I will build like an Egyptian, a two-mile pier complex, a five-story deck.  I will listen like a bat, attend to the birth of sounds in the back of your throat. I will remember like an Indian elephant, recall requests made of me in a previous life.  Your date of birth will be carved in the palm of my hand.  I will make good. I will do right.  I will sleep on the pegboard on the wall in the garage.

I’ll have a tongue like a sperm whale, eyes like a harp seal, biceps like a fiddler crab.  I will have gold coins, gold rings, stiff gold hair like shredded wheat.  I will be golden at receptions, gold in your pocket, Paganini in your pants.

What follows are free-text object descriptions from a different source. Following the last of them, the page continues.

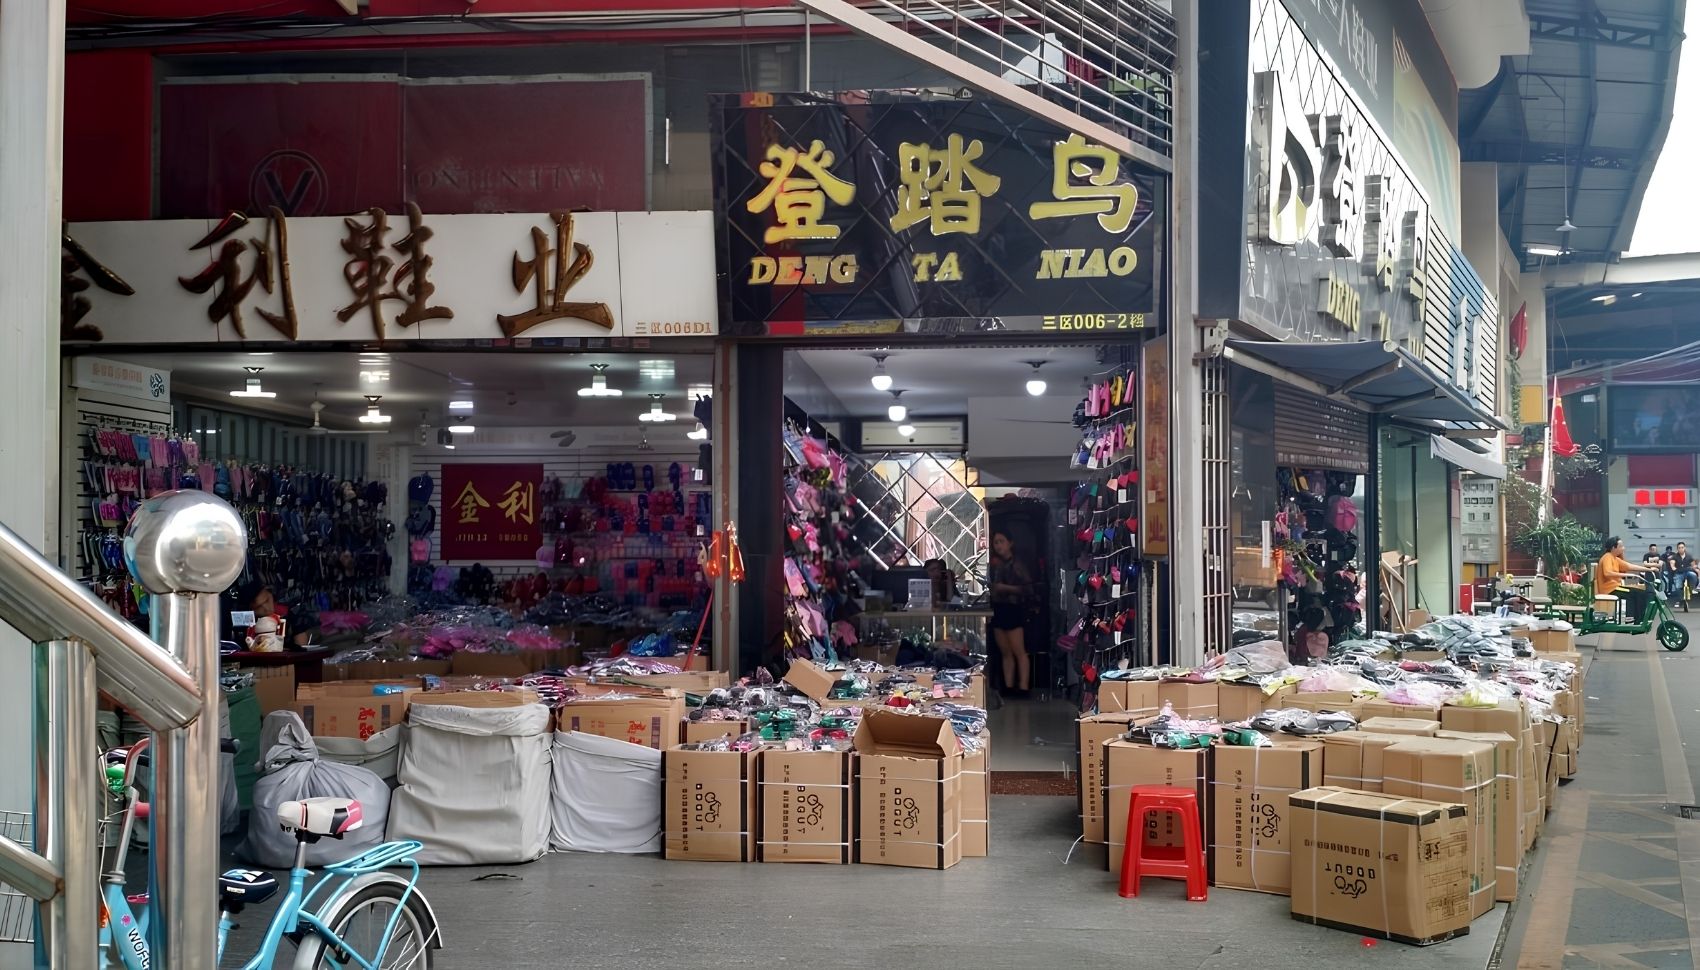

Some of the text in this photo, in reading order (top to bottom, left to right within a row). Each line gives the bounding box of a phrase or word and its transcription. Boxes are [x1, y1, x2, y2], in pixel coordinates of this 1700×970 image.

[747, 133, 1138, 244] 登踏鸟
[748, 246, 1138, 286] DENG TA NIAO
[450, 479, 534, 525] 金利
[796, 785, 806, 834] BOGUT
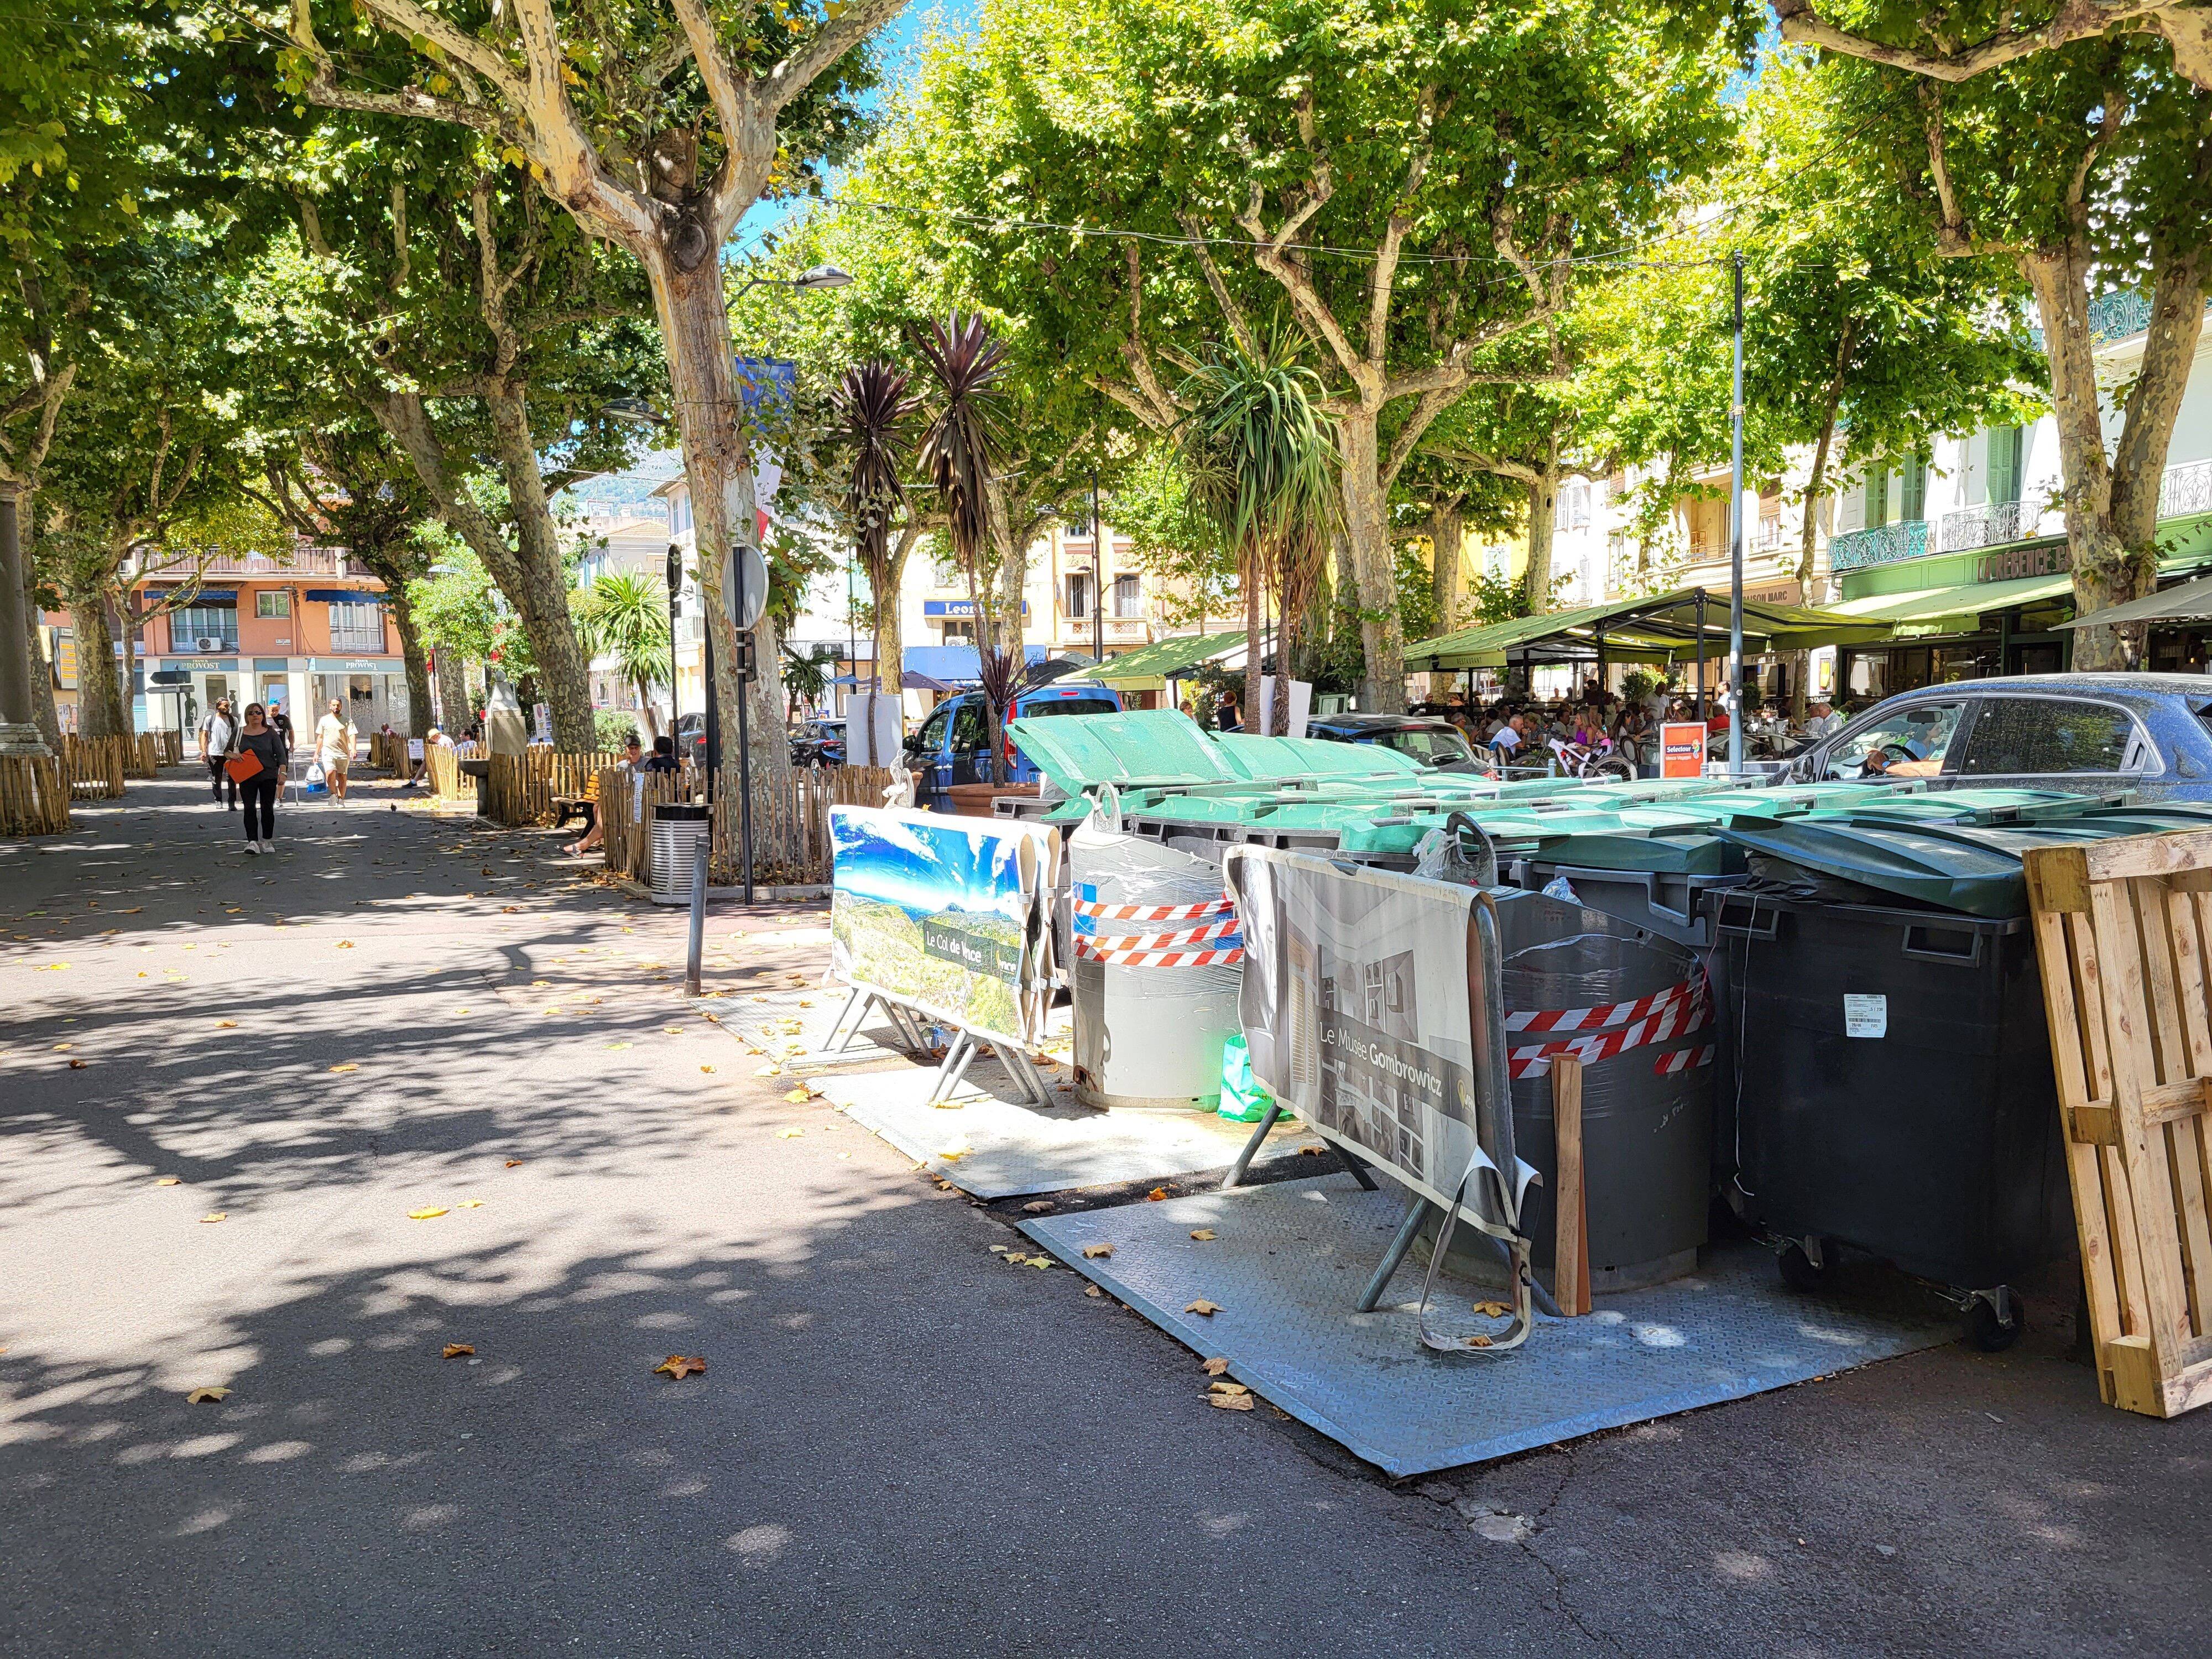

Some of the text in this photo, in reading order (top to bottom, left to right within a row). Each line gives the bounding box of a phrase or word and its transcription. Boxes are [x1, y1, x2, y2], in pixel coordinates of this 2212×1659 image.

[1978, 557, 1992, 582] LA
[1768, 590, 1787, 602] MARC
[1456, 656, 1481, 665] RESTAURANT
[926, 931, 982, 963] Le Col de Vnce
[1319, 1021, 1442, 1098] Le Musée Gombrowicz

Money will climb over the house like ivy.  Excellent credit will be my white whale.  I will always. I will everyday. I will nail the seat down.  I will let you pretend I am your father.

I will be a priapic automatic teller machine, never down, never a usage fee, a stock prophet, a para-mutual seer, tractable, worshipful no matter what.  I will always want to. I won’t notice what you don’t point out.  I will entertain your friends, say how your love saved me. I will convince them.  I will talk, really talk, to them.  Deep meanings will be toothpicked and passed around.

I will need zero maintenance. I will be a utility or a railroad.  There will be no breakdowns or disconnections. I will allow you lovers, Moroccan teenagers and Turkish men.  I will adopt them. I will not cry.  I will respond to grief by earning more. My sweat will smell like drug money, like white bread baking. I will be as clean as a Mormon, wholesome like Iowa.  I will lead.  I will be a star, a rock, like Rock Hudson.